Dr. Kaswan sued Allergan for tortious interference with her employment contract and fiduciary relationship with UGA. In its summary judgment, the court found that "As to the claims that UGARF and Allergan have committed fraud, tortious interference, or benefited by unjust enrichment, or fraudulent conveyance and conspiracy...the patent policy, the intellectual property policy and the invention administration agreement vest in the University of Georgia Research Foundation wide discretion in how it will administer the inventions and patents created by the energy of the faculty and staff of the University of Georgia."
Allergan argued that "the covenant of good faith and fair dealing can't be used to contradict the language of the express agreements...these agreements said that UGARF had the sole discretion." The court further stated, "No doubt many faculty and staff may be dissatisfied...but...the employee assignment of the patent vests the decision making authority to the University..."
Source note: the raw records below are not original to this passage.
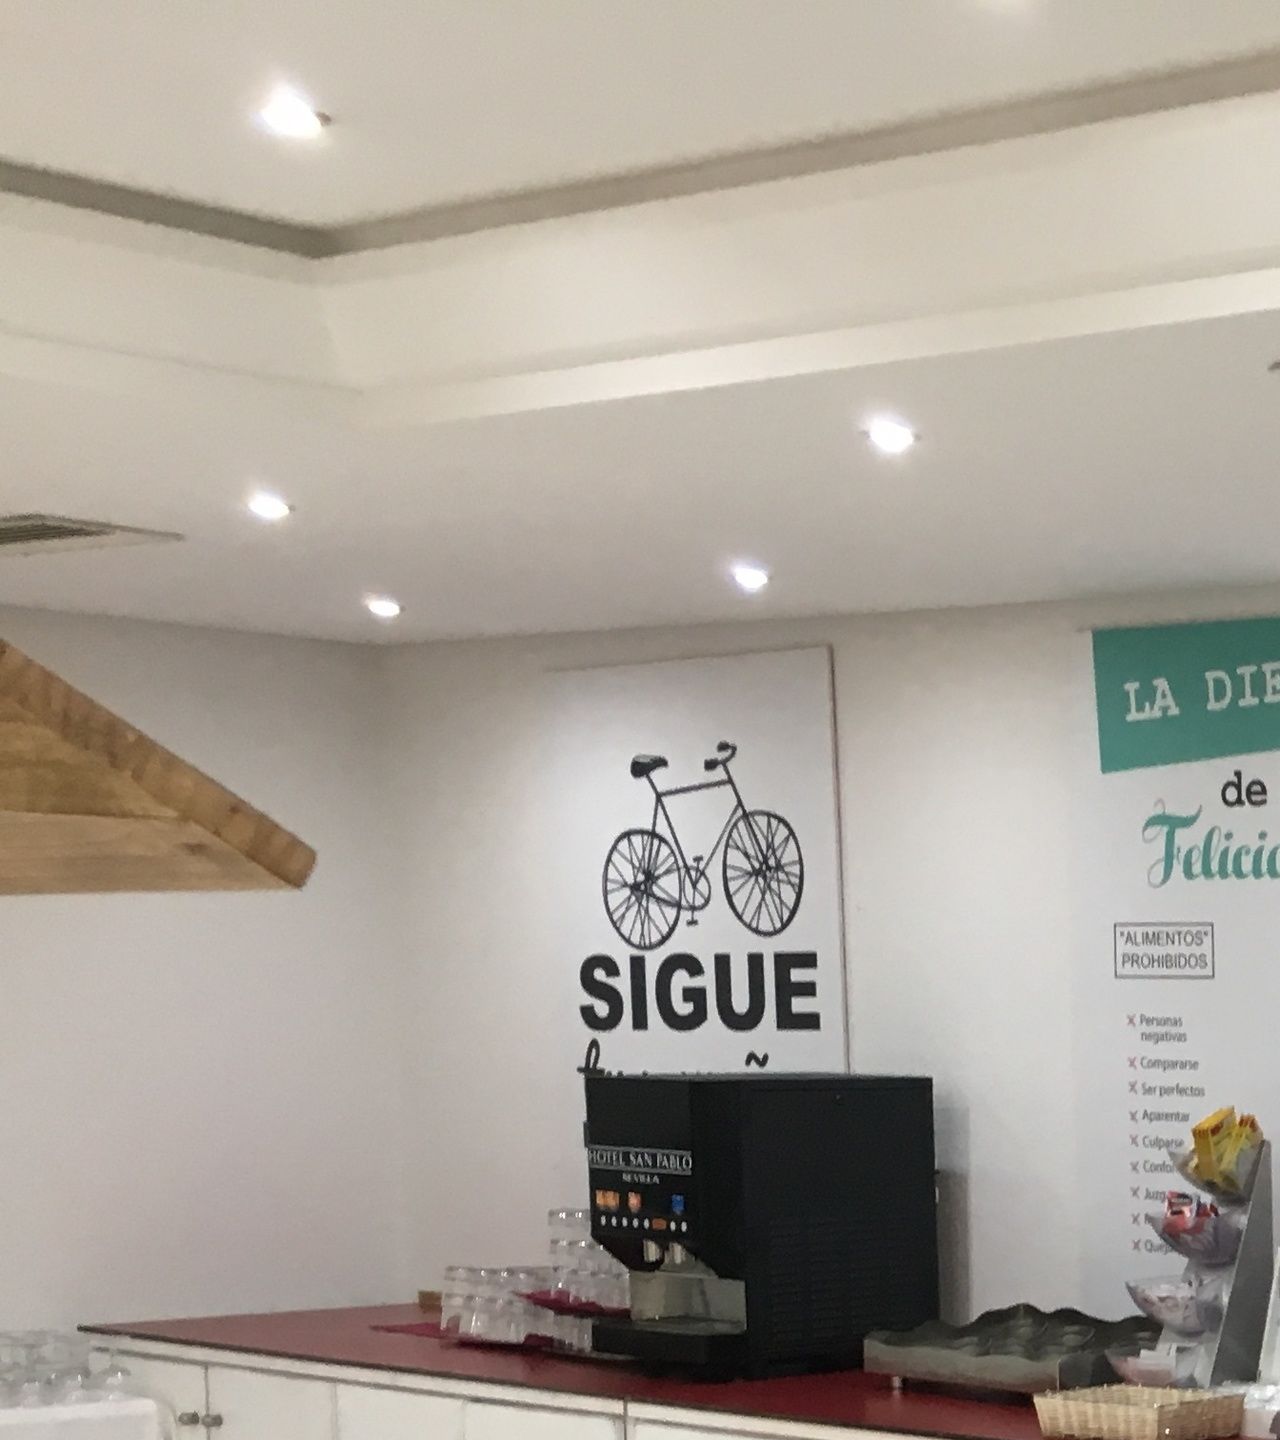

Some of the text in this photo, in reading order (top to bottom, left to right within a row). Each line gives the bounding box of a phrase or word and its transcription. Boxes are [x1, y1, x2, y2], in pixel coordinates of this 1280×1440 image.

[1123, 677, 1180, 722] LA
[1221, 770, 1268, 807] de
[1120, 929, 1209, 947] "ALIMENTOS"
[1121, 952, 1208, 970] PROHIBIDOS
[579, 951, 822, 1031] SIGUE
[1140, 1013, 1183, 1028] Personas
[1140, 1031, 1187, 1045] negativas
[1140, 1056, 1199, 1073] Compararse
[1141, 1082, 1205, 1098] Ser perfectos
[1142, 1109, 1190, 1123] Aparentar
[1142, 1135, 1185, 1150] Culparse
[589, 1149, 693, 1170] HOTEL SAN PABLO
Like Dr. Kaswan, many university researchers are required not only to relinquish the rights to their discoveries, but to do virtually anything the university demands to advance the commercialization of their discoveries. This language from the patent agreement of the University of California of San Diego is typical: "I shall execute any documents and do all things necessary...to assign to University all rights, title, and interest therein and to assist University in securing patent or analogous protection thereon." Further, most university patent and copyright documents fail to specify circumstances where faculty are entitled to retain ownership rights in works developed outside of their assigned university duties.
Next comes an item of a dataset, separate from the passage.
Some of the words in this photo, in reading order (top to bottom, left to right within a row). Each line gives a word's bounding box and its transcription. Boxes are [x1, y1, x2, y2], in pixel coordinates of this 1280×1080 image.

The University of Michigan goes a step further, asserting ownership over "Intellectual Property made...with the direct or indirect support of funds." Their policy goes on to define funds as those "administered by the University include University resources, and funds for employee compensation, materials, or facilities. Should being paid for their employment cancel out their rights in their research products?
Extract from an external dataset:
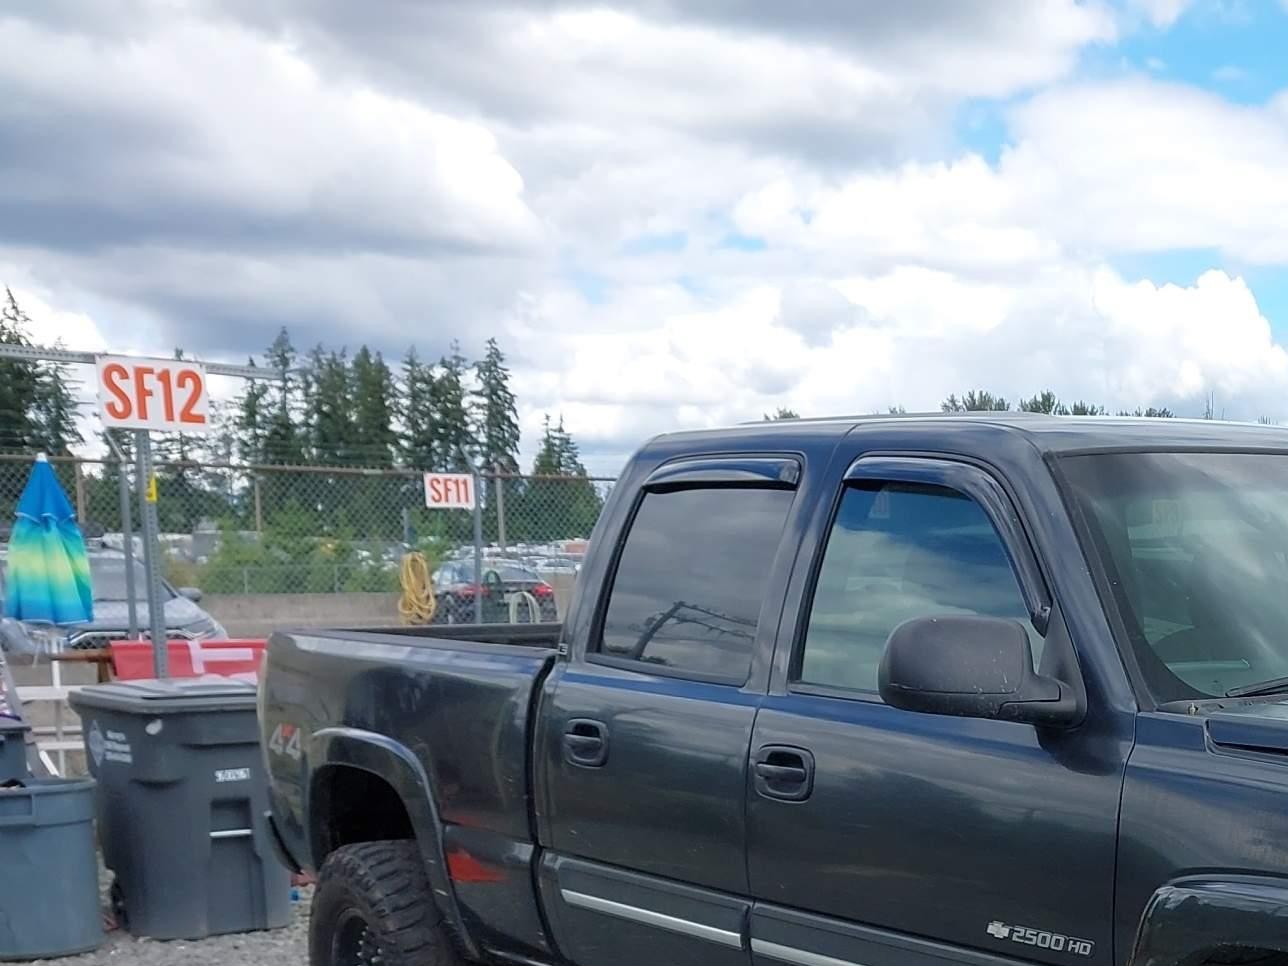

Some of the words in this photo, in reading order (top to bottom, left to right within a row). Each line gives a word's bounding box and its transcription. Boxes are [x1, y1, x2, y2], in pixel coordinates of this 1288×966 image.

[102, 363, 206, 424] SF12
[430, 478, 469, 503] SF11
[1012, 927, 1065, 951] 2500
[1067, 939, 1092, 956] HD
In Dr. Kaswan's case, it is clear that UGARF believed their Intellectual Property Policy precluded her right to participate in the commercialization of Restasis®. UGARF's attorney John K. Larkins, Jr. summed up the university's position when he stated in court, "There's nothing in the agreement that says our right to commercialize is limited by a duty to the inventor. She doesn't get a chance to veto. She doesn't get to do anything."
Until research universities are held accountable to ensure consistency between their stated purpose and their actual policies in practice, innovation will suffer, and the public with it.